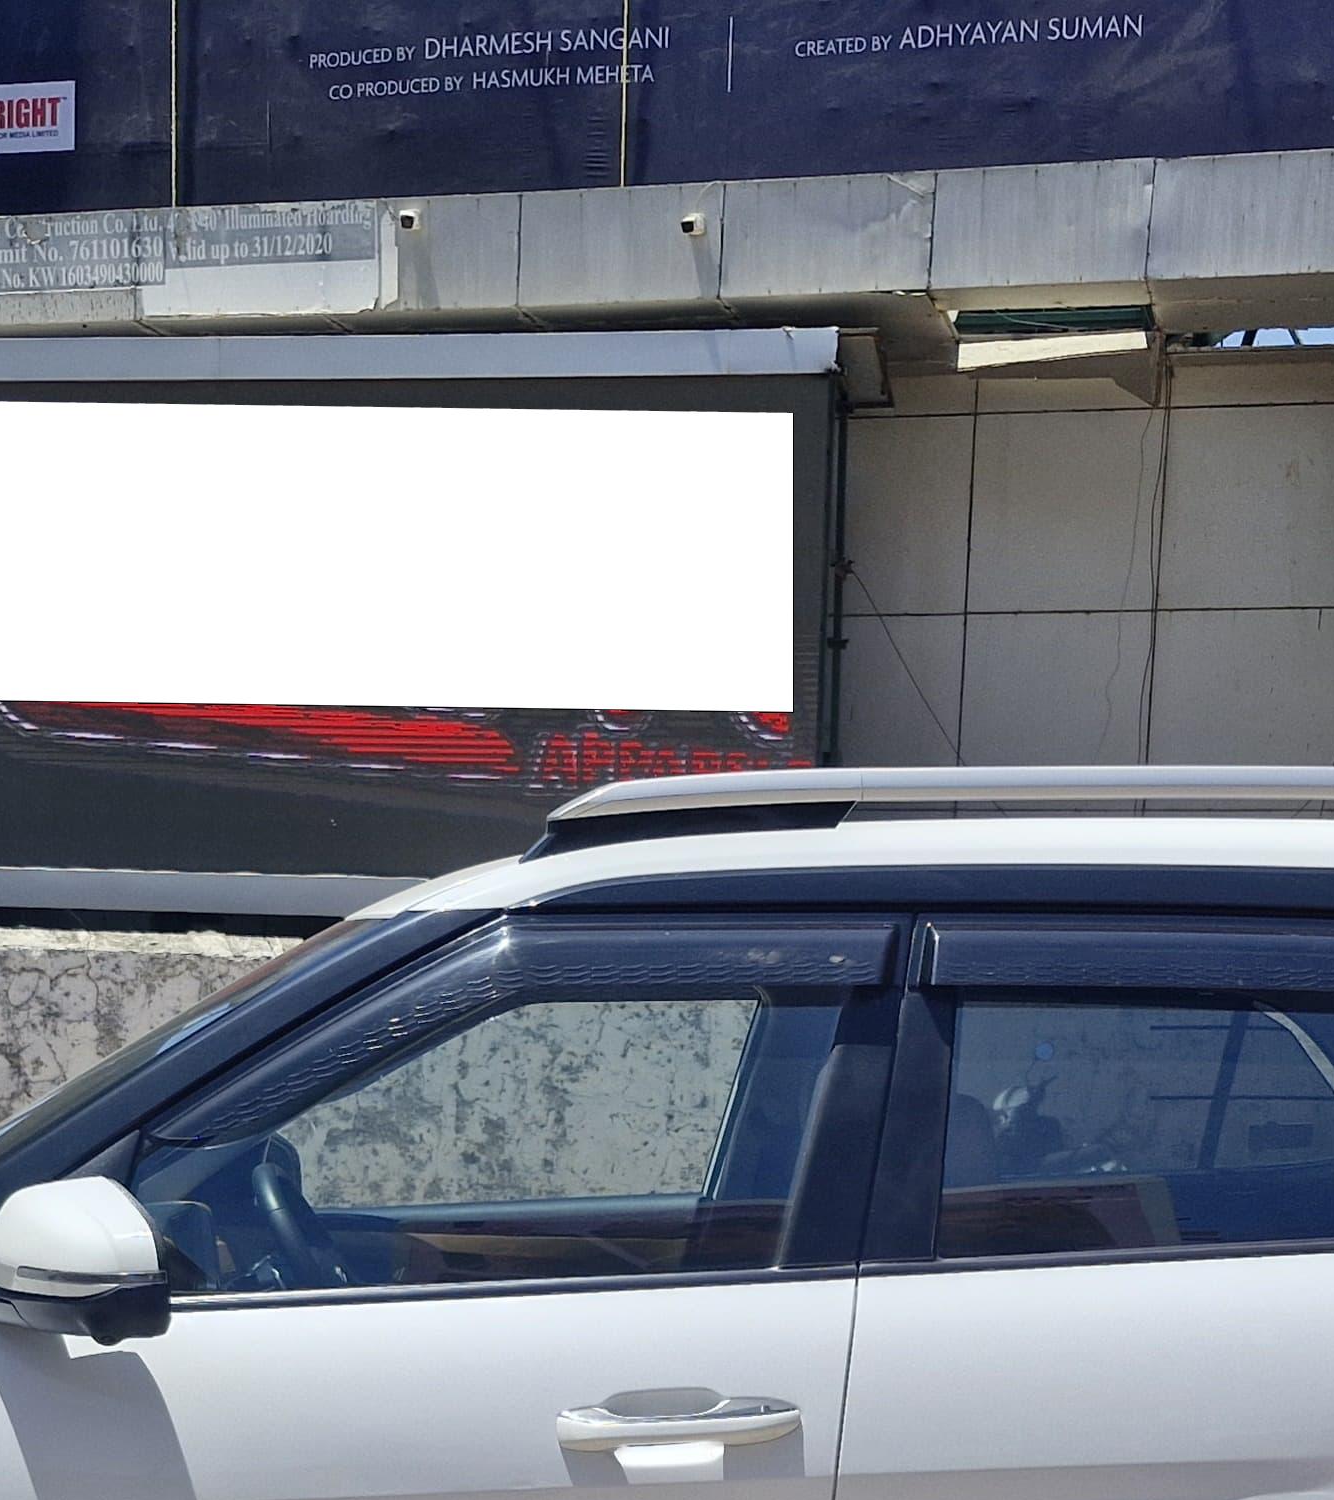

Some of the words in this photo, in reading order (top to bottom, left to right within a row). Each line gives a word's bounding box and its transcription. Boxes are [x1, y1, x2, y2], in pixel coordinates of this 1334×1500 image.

[309, 48, 393, 69] PRODUCED
[396, 46, 416, 62] BY
[424, 30, 552, 60] DHARMESH
[560, 26, 671, 52] SANGANI
[795, 36, 867, 58] CREATED
[870, 35, 892, 52] BY
[899, 18, 1040, 50] ADHYAYAN
[1047, 14, 1144, 42] SUMAN
[329, 84, 353, 100] CO
[357, 77, 440, 97] PRODUCED
[444, 76, 464, 91] BY
[472, 65, 571, 90] HASMUKH
[576, 64, 655, 85] MEHETA
[9, 131, 31, 139] MEDIA
[32, 129, 59, 138] LIMITED
[103, 213, 127, 234] Co.
[33, 243, 64, 263] No.
[69, 236, 163, 261] 761101630
[211, 243, 230, 265] up
[234, 240, 248, 258] to
[251, 231, 332, 258] 31/12/2020
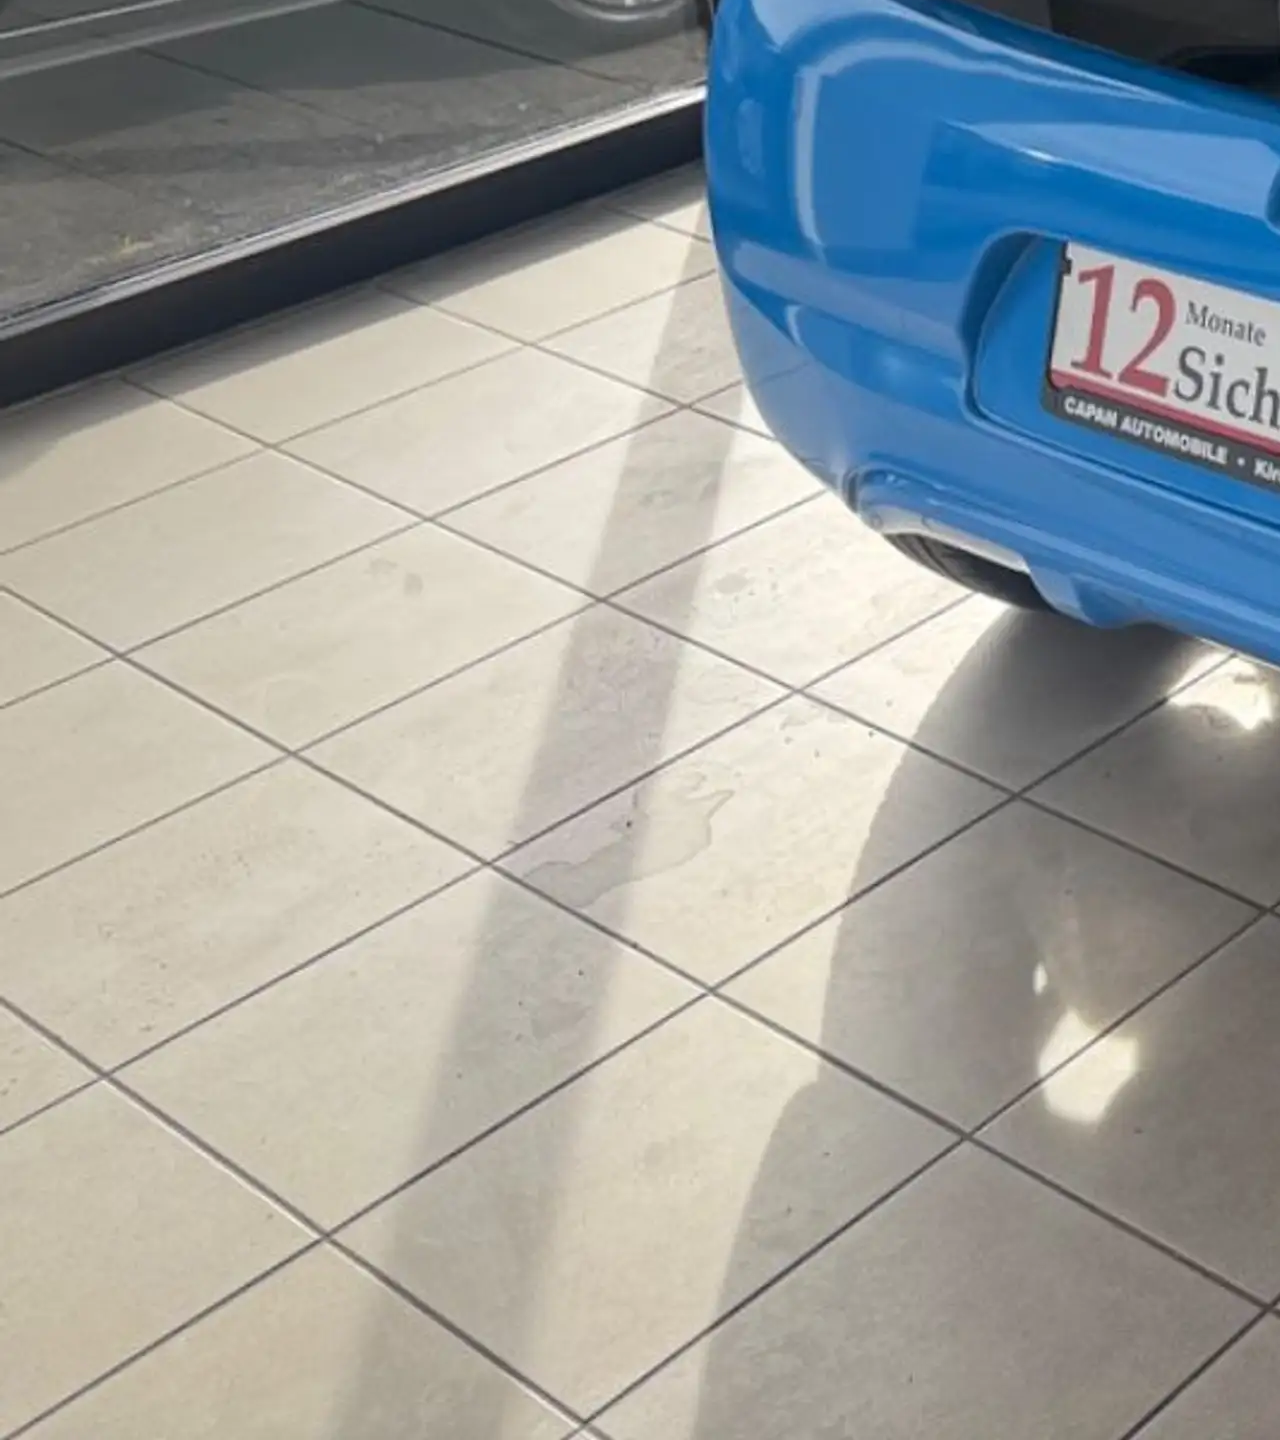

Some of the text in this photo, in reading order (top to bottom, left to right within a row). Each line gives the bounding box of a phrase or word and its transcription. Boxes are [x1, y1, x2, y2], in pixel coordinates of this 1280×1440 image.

[1070, 264, 1177, 398] 12
[1185, 300, 1267, 347] Monate
[1063, 395, 1119, 428] CAPAN
[1119, 415, 1229, 465] AUTOMOBILE
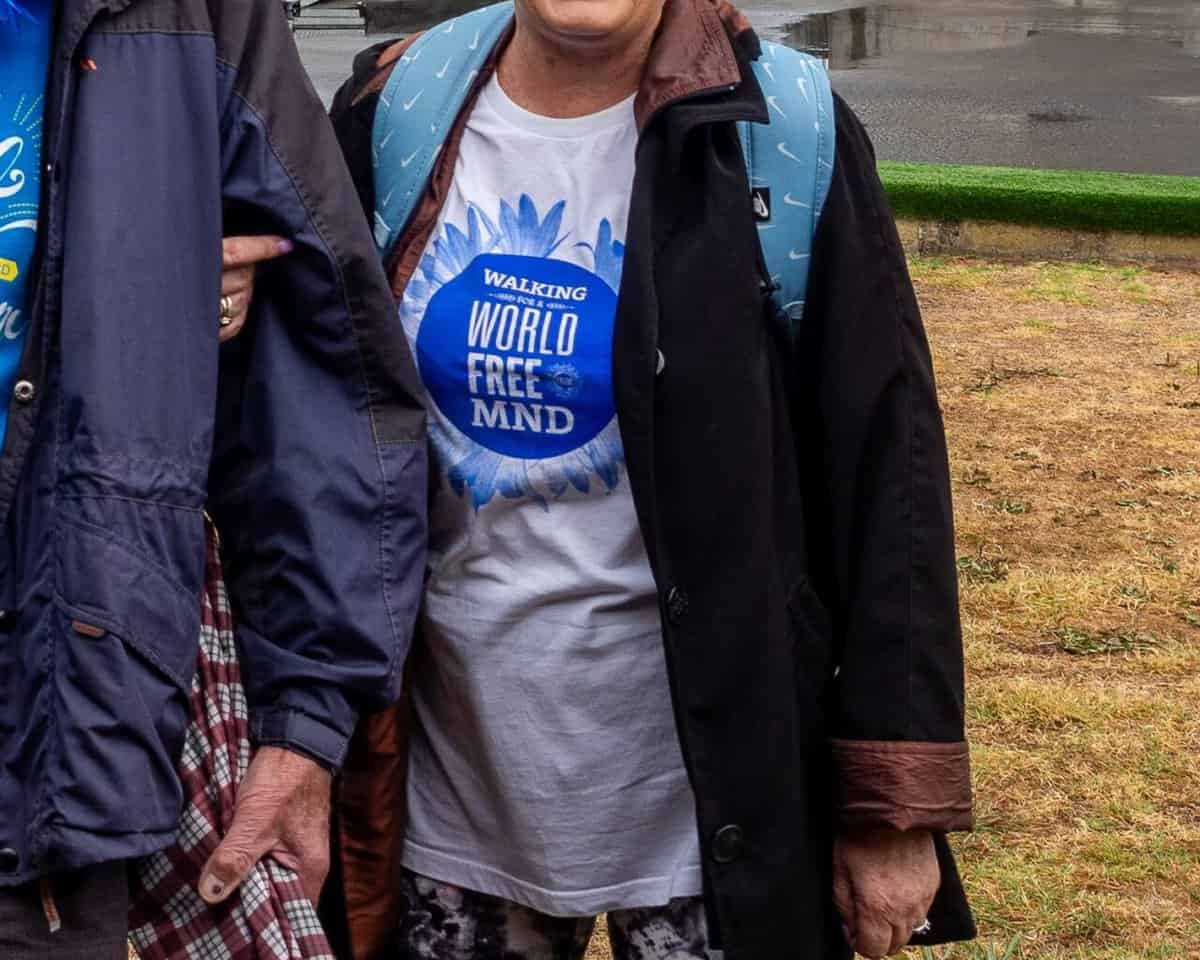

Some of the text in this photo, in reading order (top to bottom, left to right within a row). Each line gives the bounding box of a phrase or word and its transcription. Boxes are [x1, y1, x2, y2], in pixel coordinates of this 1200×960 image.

══════════

(Exercise brief)
Everything in the listing except the pictures must be reproduced exactly.

(Reply to the exercise)
Some of the words in this photo, in reading order (top to bottom, left to right within a row). Each line gives a word's bounding box and its transcription. Boxes are [x1, y1, x2, y2], in pixel coordinates of this 1334×1500 image.

[309, 48, 393, 69] PRODUCED
[396, 46, 416, 62] BY
[424, 30, 552, 60] DHARMESH
[560, 26, 671, 52] SANGANI
[795, 36, 867, 58] CREATED
[870, 35, 892, 52] BY
[899, 18, 1040, 50] ADHYAYAN
[1047, 14, 1144, 42] SUMAN
[329, 84, 353, 100] CO
[357, 77, 440, 97] PRODUCED
[444, 76, 464, 91] BY
[472, 65, 571, 90] HASMUKH
[576, 64, 655, 85] MEHETA
[9, 131, 31, 139] MEDIA
[32, 129, 59, 138] LIMITED
[103, 213, 127, 234] Co.
[33, 243, 64, 263] No.
[69, 236, 163, 261] 761101630
[211, 243, 230, 265] up
[234, 240, 248, 258] to
[251, 231, 332, 258] 31/12/2020

Some of the text in this photo, in reading order (top to bottom, left to right within a row). Each line gives the bounding box of a phrase or word and its transcription. Boxes are [x1, y1, x2, y2], in pixel coordinates of this 1280×1440 image.

[1070, 264, 1177, 398] 12
[1185, 300, 1267, 347] Monate
[1063, 395, 1119, 428] CAPAN
[1119, 415, 1229, 465] AUTOMOBILE

Some of the text in this photo, in reading order (top to bottom, left to right within a row). Each line gives the bounding box of a phrase or word and its transcription. Boxes are [x1, y1, x2, y2], in pixel coordinates of this 1200×960 image.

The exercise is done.